FIG. 5.

Mapping of the lysine residues in IE2 that are conjugated by SUMO-1. (A) Total cell extracts were prepared from 293T cells transfected with 1 μg of vector alone (lane 1), or 1 μg of pJHA124 encoding wild-type IE2 (lane 2), pYX105 encoding IE2(K175R) (lane 4), pYX106 encoding IE2(K180R) (lane 6), or pYX104 encoding IE2(K175/180R) (lane 8) or the same four plasmids plus 2 μg of pJHA312 encoding Flag–SUMO-1 (lanes 3, 5, 7, and 9).
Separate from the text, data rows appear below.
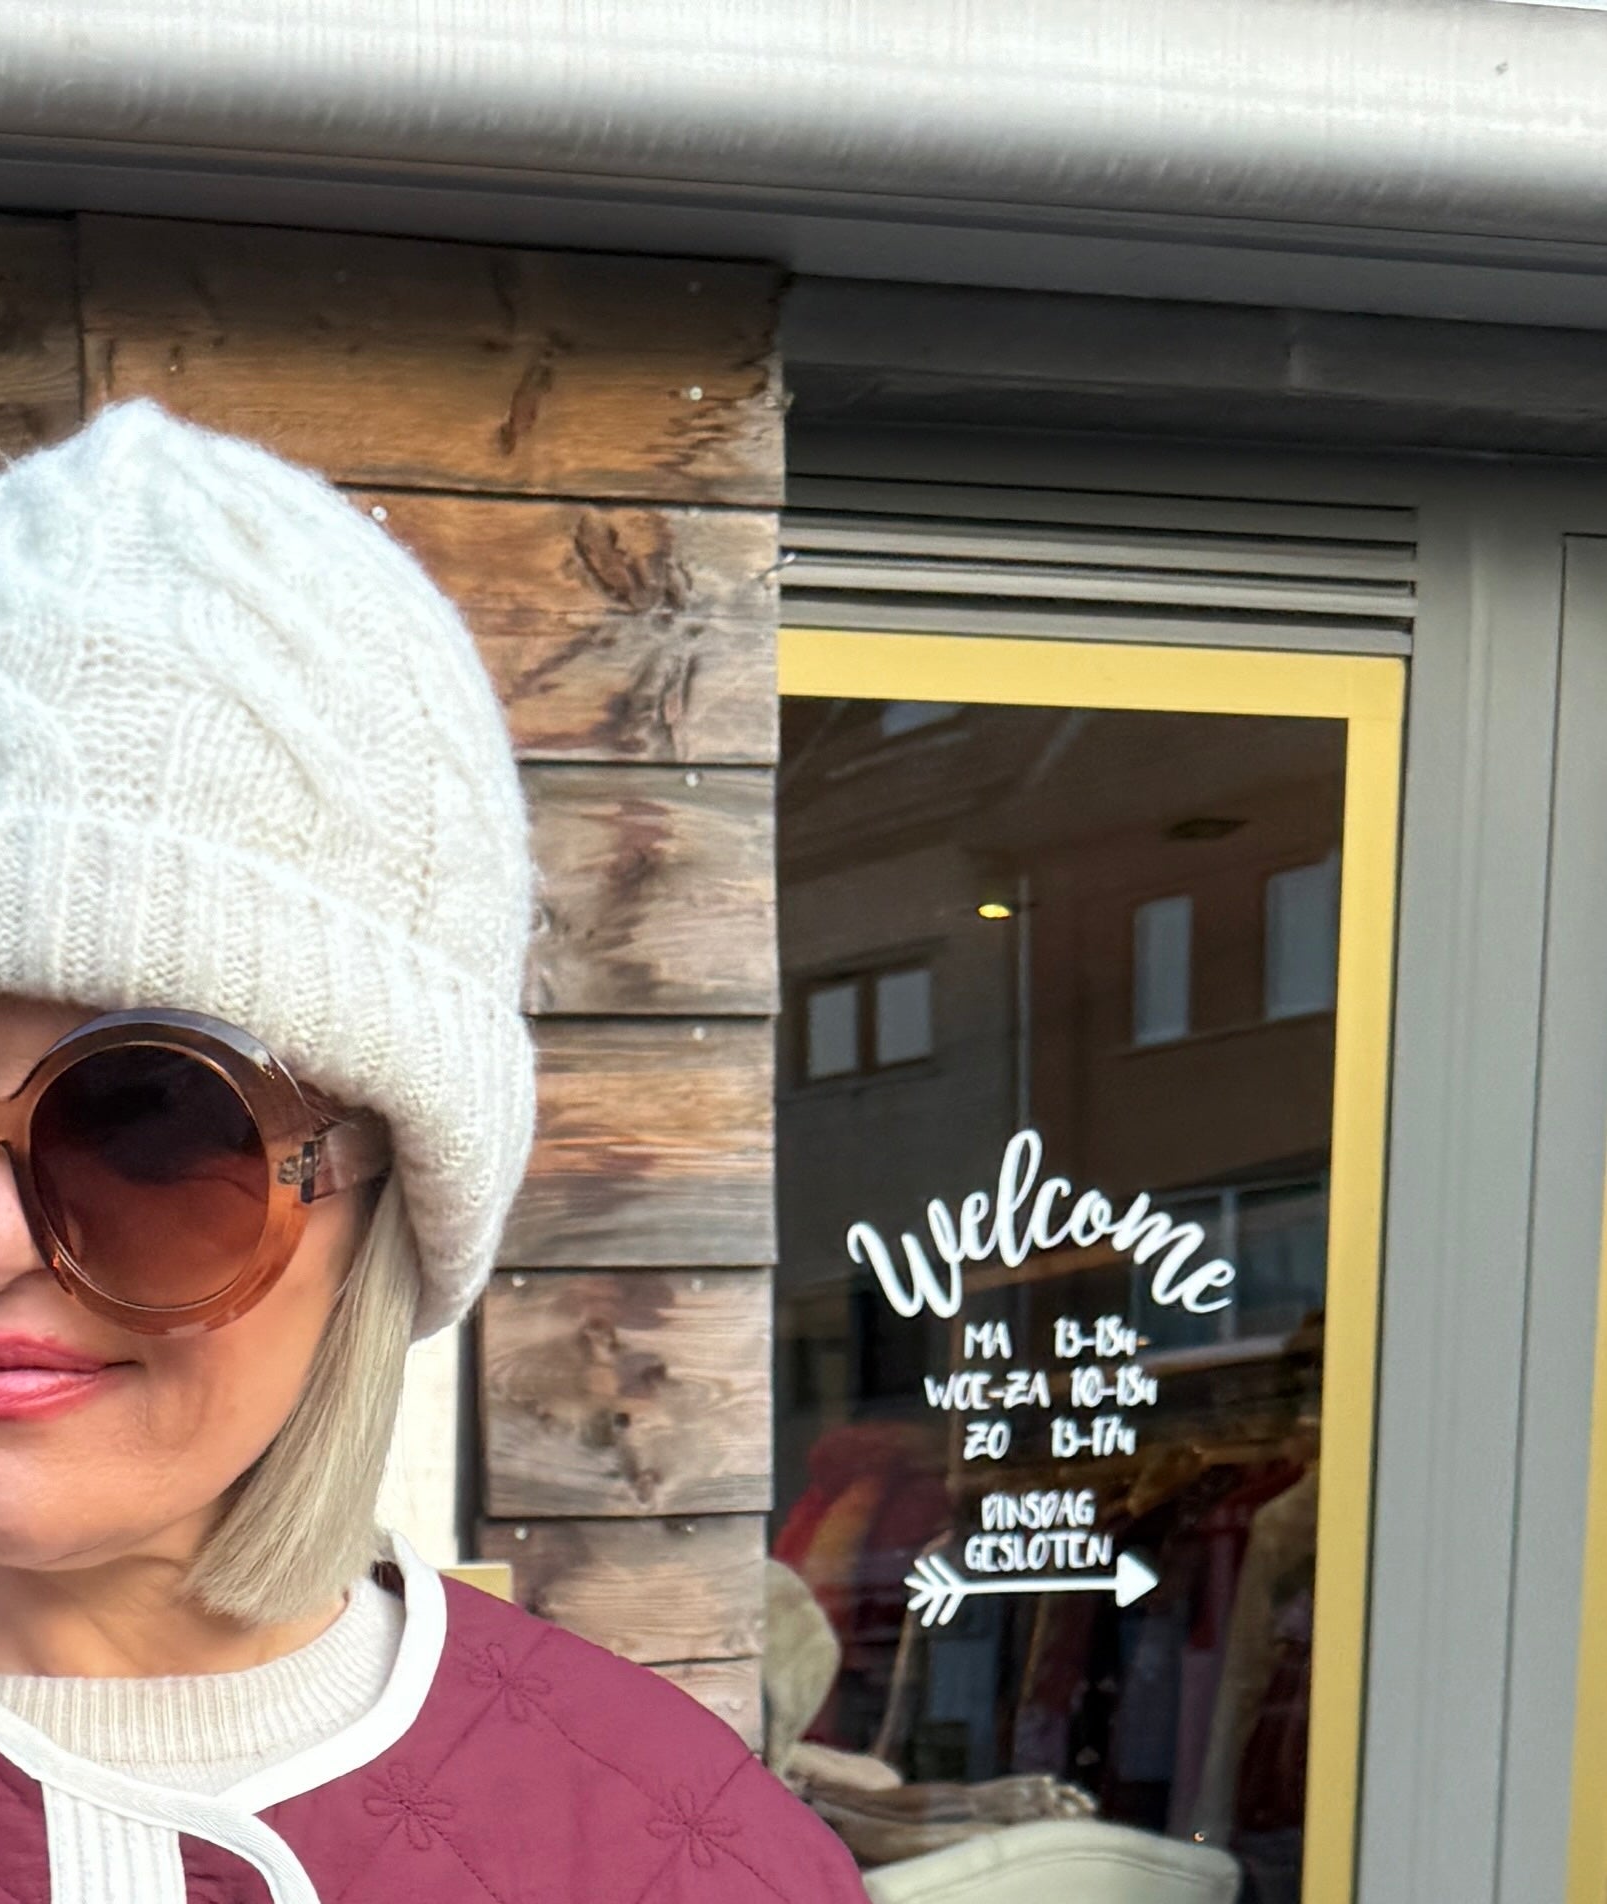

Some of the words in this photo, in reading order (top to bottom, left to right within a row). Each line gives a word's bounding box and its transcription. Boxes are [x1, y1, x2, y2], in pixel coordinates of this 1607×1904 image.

[847, 1129, 1236, 1317] Welcome
[964, 1320, 1012, 1359] MA
[923, 1370, 1050, 1410] WOE-ZA
[963, 1420, 1011, 1460] ZO
[981, 1489, 1095, 1531] DINSDAG
[964, 1531, 1113, 1572] GESLOTEN
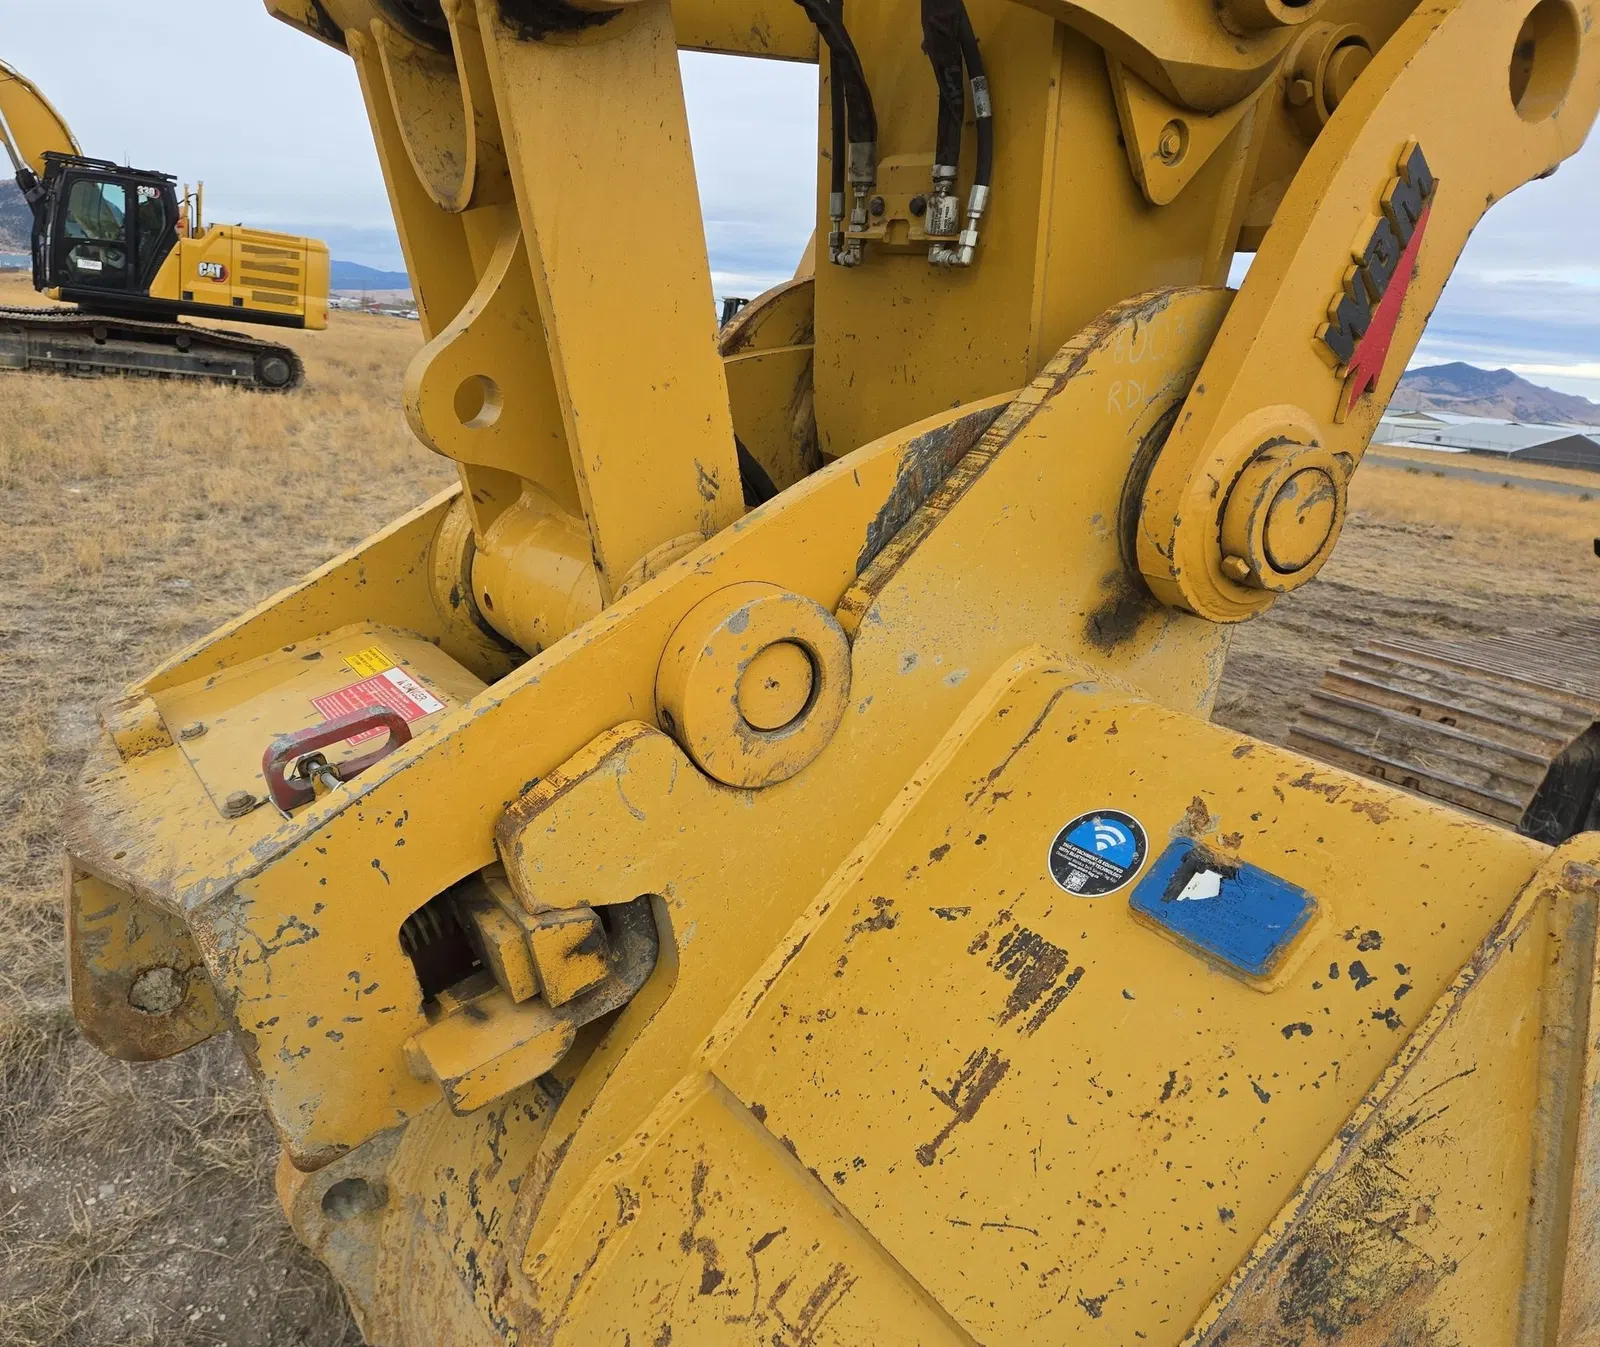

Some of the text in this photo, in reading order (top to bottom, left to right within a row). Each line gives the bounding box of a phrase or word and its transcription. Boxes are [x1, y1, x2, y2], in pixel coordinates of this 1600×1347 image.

[137, 185, 155, 198] 330
[1312, 138, 1434, 365] WBM
[198, 262, 222, 278] CAT
[1071, 846, 1098, 862] ATTACHMENT
[1102, 861, 1123, 874] EQUIPPED
[1095, 863, 1122, 879] TECHNOLOGY
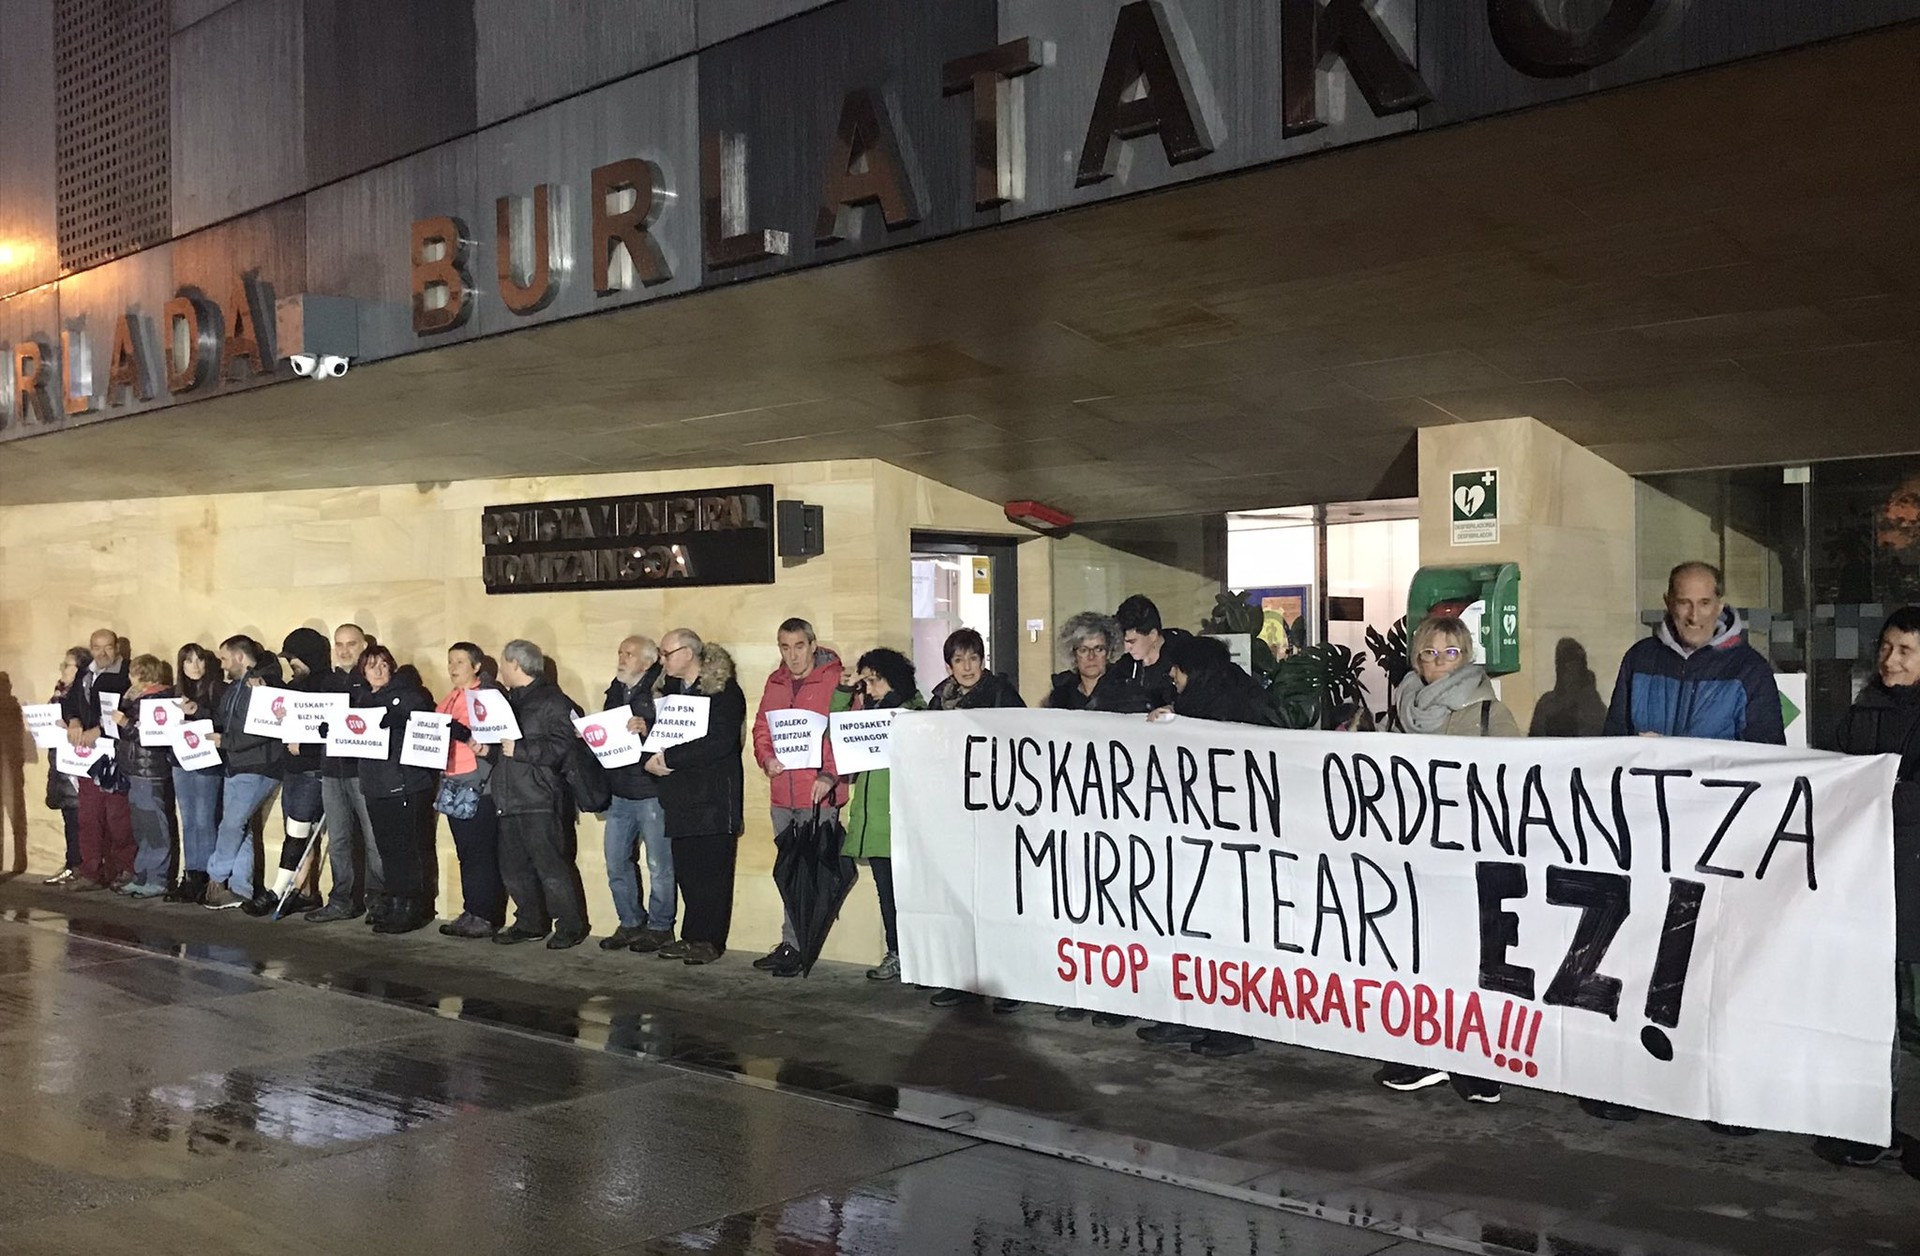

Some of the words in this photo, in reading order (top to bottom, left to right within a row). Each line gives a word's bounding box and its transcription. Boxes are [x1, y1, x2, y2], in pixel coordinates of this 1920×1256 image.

[0, 266, 277, 430] RLADA
[677, 705, 695, 713] PSN
[774, 718, 808, 728] UDALEKO
[650, 730, 685, 739] ETSAIAK
[843, 732, 889, 743] GEHIAGOR
[868, 745, 881, 753] EZ
[963, 734, 1281, 838] EUSKARAREN
[1322, 752, 1818, 891] ORDENANTZA
[1014, 823, 1420, 974] MURRIZTEARI
[1476, 860, 1706, 1062] EZ!
[1056, 936, 1149, 994] STOP
[1171, 952, 1543, 1079] EUSKARAFOBIA!!!
Total cell extracts were prepared and subjected to electrophoresis on SDS–8% polyacrylamide gels, and immunoblot analysis was carried out with MAb CH810. (B) In vitro SUMO-1 conjugation assays. [³⁵S]methionine-labeled wild-type and mutant IE2 proteins were incubated at 37°C in the presence or absence of SUMO-1 modification reaction mixtures (Rxn Mix) as described in Materials and Methods. The reaction products were visualized by autoradiography. IE2-S, Flag–SUMO-1 conjugated IE2; ⧫, IE2 forms conjugated by an endogenous SUMO moiety.